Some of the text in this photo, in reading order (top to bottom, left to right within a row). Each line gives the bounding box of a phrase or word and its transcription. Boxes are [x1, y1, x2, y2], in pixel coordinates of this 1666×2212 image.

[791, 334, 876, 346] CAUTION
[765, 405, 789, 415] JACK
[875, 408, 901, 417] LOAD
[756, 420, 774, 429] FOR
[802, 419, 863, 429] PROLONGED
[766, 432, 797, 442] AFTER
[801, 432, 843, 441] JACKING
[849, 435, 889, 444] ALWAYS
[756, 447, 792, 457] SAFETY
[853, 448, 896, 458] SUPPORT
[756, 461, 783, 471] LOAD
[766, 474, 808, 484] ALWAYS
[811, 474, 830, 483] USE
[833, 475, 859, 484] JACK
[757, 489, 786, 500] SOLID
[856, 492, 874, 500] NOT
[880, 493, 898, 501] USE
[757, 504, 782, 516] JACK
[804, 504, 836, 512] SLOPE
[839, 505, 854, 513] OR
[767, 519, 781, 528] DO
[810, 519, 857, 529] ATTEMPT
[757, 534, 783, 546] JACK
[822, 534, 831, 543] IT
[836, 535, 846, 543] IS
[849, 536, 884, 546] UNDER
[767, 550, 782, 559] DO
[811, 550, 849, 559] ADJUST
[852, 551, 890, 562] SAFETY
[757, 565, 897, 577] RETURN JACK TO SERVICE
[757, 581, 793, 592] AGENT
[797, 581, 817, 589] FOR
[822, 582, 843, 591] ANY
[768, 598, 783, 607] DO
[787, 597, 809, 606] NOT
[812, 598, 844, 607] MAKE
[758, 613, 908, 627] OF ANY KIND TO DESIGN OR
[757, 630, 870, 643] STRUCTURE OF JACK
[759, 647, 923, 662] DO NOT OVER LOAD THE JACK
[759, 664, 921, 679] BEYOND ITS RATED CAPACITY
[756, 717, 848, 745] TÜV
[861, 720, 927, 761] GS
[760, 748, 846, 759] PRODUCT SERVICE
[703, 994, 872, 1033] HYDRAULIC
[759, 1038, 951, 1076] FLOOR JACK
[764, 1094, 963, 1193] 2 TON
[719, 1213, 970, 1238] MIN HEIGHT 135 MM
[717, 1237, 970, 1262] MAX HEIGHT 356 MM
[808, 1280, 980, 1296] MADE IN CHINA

::::

■ Instructions for the task ■
From the entries above, select each line containing the string "ALWAYS".

■ Output for this exercise ■
[849, 435, 889, 444] ALWAYS
[766, 474, 808, 484] ALWAYS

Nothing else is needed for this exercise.